US 12,437,773 B2
Apparatus and method for generating speech synthesis image
Gyeong Su Chae, Seoul (KR); and Guem Buel Hwang, Seoul (KR)
Assigned to DEEPBRAIN AI INC., Seoul (KR)
Appl. No. 17/779,693
Filed by DEEPBRAIN AI INC., Seoul (KR)
PCT Filed Mar. 15, 2022, PCT No. PCT/KR2022/003610
§ 371(c)(1), (2) Date May 25, 2022,
PCT Pub. No. WO2023/153555, PCT Pub. Date Aug. 17, 2023.
Claims priority of application No. 10-2022-0019075 (KR), filed on Feb. 14, 2022.
Prior Publication US 2024/0303830 A1, Sep. 12, 2024
Int. Cl. G10L 21/10 (2013.01); G06T 7/246 (2017.01); G10L 15/25 (2013.01)

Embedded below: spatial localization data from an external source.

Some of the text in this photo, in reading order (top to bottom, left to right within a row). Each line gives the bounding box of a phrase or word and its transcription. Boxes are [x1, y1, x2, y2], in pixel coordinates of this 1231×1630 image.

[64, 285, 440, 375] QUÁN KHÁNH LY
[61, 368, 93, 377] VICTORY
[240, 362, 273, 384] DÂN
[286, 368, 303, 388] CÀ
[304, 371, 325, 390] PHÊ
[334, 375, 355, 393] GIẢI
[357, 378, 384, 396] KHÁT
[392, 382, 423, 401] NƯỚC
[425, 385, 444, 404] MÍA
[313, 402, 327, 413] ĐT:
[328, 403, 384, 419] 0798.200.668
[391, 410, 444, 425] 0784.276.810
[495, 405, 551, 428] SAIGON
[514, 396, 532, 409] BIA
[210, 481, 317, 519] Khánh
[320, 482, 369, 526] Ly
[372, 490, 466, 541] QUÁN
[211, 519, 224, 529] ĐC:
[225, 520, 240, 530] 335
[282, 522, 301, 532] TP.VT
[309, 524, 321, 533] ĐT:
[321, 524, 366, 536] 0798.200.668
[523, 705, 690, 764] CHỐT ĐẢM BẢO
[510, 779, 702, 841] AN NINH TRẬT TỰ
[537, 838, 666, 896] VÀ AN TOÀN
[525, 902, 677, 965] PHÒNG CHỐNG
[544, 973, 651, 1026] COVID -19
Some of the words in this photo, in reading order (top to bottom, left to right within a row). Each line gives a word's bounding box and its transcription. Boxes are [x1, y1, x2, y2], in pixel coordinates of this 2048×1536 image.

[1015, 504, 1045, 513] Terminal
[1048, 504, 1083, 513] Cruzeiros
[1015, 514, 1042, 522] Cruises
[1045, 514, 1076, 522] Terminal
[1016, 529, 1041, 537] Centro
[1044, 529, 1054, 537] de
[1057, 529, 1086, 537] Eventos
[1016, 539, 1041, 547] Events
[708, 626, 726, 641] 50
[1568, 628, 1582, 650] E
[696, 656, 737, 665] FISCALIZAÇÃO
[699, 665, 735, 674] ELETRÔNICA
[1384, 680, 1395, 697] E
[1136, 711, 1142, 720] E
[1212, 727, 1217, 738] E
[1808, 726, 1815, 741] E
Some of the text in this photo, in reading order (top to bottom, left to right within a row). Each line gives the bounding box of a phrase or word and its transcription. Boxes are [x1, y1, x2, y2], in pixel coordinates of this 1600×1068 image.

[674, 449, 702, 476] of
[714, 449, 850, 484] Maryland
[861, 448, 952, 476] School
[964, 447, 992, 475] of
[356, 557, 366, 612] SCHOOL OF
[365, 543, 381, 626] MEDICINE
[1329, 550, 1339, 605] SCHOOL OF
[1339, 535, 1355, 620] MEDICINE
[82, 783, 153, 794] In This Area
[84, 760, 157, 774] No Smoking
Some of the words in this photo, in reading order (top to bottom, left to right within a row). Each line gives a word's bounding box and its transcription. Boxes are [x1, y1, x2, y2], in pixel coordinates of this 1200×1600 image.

CPC G10L 21/10 (2013.01) [G06T 7/248 (2017.01); G10L 15/25 (2013.01); G06T 2207/20076 (2013.01); G06T 2207/20081 (2013.01); G06T 2207/20084 (2013.01); G06T 2207/30201 (2013.01)] 12 Claims
OG exemplary drawing
 
1. An apparatus for generating a speech synthesis image based on machine learning, the apparatus comprising:
a first global geometric transformation predictor configured to be trained to receive each of a source image and a target image including the same person, and predict a global geometric transformation for a global motion of the person between the source image and the target image, based on the source image and the target image;
a local feature tensor predictor configured to be trained to predict a feature tensor for a local motion of the person, based on input target image-related information; and
an image generator configured to be trained to reconstruct the target image, based on the global geometric transformation, the source image, and the feature tensor for the local motion,
wherein the global motion is a motion of the person with an amount greater than or equal to a preset threshold amount of motion,
wherein the first global geometric transformation predictor is further configured to:
extract a source image heat map based on the source image, the source image heat map being a probability distribution map in an image space indicating whether each pixel in the source image is a pixel related to the global motion of the person;
extract a target image heat map based on the target image, the target image heat map being a probability distribution map in the image space as to whether each pixel in the target image is a pixel related to the global motion of the person; and
calculate the global geometric transformation based on the source image heat map and the target image heat map.